## What the exercise asks
Could you transcribe the whole listing, keeping every line exactly the same?
== Dataset entries
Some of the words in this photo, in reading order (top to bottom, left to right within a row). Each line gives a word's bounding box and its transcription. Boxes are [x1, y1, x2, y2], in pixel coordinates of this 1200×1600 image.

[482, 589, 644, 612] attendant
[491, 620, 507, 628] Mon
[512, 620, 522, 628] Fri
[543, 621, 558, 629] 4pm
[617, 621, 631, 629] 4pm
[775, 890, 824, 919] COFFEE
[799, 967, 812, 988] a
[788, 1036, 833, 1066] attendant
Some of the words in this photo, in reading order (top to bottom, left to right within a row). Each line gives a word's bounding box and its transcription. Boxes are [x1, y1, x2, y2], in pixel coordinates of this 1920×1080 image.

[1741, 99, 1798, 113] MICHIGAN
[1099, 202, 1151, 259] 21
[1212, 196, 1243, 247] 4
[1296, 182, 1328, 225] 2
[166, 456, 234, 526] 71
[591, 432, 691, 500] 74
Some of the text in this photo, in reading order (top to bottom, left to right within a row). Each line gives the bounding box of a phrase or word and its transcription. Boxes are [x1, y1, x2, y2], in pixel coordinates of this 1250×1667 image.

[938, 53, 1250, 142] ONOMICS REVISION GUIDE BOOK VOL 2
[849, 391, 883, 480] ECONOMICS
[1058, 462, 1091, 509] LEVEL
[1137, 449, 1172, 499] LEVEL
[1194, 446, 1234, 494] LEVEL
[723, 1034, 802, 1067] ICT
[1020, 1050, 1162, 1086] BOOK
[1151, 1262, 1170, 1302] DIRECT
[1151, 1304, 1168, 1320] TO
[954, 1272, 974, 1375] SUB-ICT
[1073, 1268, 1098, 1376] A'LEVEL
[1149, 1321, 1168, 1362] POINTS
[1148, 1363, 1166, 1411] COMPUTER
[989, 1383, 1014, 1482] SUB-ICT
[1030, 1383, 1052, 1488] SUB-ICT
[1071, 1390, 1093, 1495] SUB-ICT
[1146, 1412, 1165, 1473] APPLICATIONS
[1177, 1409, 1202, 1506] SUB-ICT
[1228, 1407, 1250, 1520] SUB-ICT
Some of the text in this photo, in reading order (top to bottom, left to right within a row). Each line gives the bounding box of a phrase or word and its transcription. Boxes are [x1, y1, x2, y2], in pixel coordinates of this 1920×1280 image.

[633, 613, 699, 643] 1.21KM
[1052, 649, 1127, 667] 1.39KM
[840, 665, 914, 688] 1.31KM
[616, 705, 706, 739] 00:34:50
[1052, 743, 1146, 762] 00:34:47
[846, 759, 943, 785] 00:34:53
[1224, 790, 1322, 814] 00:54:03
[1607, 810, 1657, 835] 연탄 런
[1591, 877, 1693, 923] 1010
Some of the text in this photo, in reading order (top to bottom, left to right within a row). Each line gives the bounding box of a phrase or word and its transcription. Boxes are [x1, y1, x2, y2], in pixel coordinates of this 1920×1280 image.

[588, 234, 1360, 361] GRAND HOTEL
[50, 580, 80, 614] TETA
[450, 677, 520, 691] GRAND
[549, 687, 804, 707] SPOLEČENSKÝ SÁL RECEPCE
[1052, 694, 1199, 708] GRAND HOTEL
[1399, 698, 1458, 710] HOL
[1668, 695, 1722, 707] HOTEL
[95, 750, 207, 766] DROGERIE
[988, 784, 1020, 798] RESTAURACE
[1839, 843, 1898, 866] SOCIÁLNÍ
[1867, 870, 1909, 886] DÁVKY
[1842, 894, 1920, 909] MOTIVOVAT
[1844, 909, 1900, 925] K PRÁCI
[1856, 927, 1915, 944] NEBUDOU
====
## Solved exercise
Some of the words in this photo, in reading order (top to bottom, left to right within a row). Each line gives a word's bounding box and its transcription. Boxes are [x1, y1, x2, y2], in pixel coordinates of this 1200×1600 image.

[482, 589, 644, 612] attendant
[491, 620, 507, 628] Mon
[512, 620, 522, 628] Fri
[543, 621, 558, 629] 4pm
[617, 621, 631, 629] 4pm
[775, 890, 824, 919] COFFEE
[799, 967, 812, 988] a
[788, 1036, 833, 1066] attendant
Some of the words in this photo, in reading order (top to bottom, left to right within a row). Each line gives a word's bounding box and its transcription. Boxes are [x1, y1, x2, y2], in pixel coordinates of this 1920×1080 image.

[1741, 99, 1798, 113] MICHIGAN
[1099, 202, 1151, 259] 21
[1212, 196, 1243, 247] 4
[1296, 182, 1328, 225] 2
[166, 456, 234, 526] 71
[591, 432, 691, 500] 74
Some of the text in this photo, in reading order (top to bottom, left to right within a row). Each line gives the bounding box of a phrase or word and its transcription. Boxes are [x1, y1, x2, y2], in pixel coordinates of this 1250×1667 image.

[938, 53, 1250, 142] ONOMICS REVISION GUIDE BOOK VOL 2
[849, 391, 883, 480] ECONOMICS
[1058, 462, 1091, 509] LEVEL
[1137, 449, 1172, 499] LEVEL
[1194, 446, 1234, 494] LEVEL
[723, 1034, 802, 1067] ICT
[1020, 1050, 1162, 1086] BOOK
[1151, 1262, 1170, 1302] DIRECT
[1151, 1304, 1168, 1320] TO
[954, 1272, 974, 1375] SUB-ICT
[1073, 1268, 1098, 1376] A'LEVEL
[1149, 1321, 1168, 1362] POINTS
[1148, 1363, 1166, 1411] COMPUTER
[989, 1383, 1014, 1482] SUB-ICT
[1030, 1383, 1052, 1488] SUB-ICT
[1071, 1390, 1093, 1495] SUB-ICT
[1146, 1412, 1165, 1473] APPLICATIONS
[1177, 1409, 1202, 1506] SUB-ICT
[1228, 1407, 1250, 1520] SUB-ICT
Some of the text in this photo, in reading order (top to bottom, left to right within a row). Each line gives the bounding box of a phrase or word and its transcription. Boxes are [x1, y1, x2, y2], in pixel coordinates of this 1920×1280 image.

[633, 613, 699, 643] 1.21KM
[1052, 649, 1127, 667] 1.39KM
[840, 665, 914, 688] 1.31KM
[616, 705, 706, 739] 00:34:50
[1052, 743, 1146, 762] 00:34:47
[846, 759, 943, 785] 00:34:53
[1224, 790, 1322, 814] 00:54:03
[1607, 810, 1657, 835] 연탄 런
[1591, 877, 1693, 923] 1010
Some of the text in this photo, in reading order (top to bottom, left to right within a row). Each line gives the bounding box of a phrase or word and its transcription. Boxes are [x1, y1, x2, y2], in pixel coordinates of this 1920×1280 image.

[588, 234, 1360, 361] GRAND HOTEL
[50, 580, 80, 614] TETA
[450, 677, 520, 691] GRAND
[549, 687, 804, 707] SPOLEČENSKÝ SÁL RECEPCE
[1052, 694, 1199, 708] GRAND HOTEL
[1399, 698, 1458, 710] HOL
[1668, 695, 1722, 707] HOTEL
[95, 750, 207, 766] DROGERIE
[988, 784, 1020, 798] RESTAURACE
[1839, 843, 1898, 866] SOCIÁLNÍ
[1867, 870, 1909, 886] DÁVKY
[1842, 894, 1920, 909] MOTIVOVAT
[1844, 909, 1900, 925] K PRÁCI
[1856, 927, 1915, 944] NEBUDOU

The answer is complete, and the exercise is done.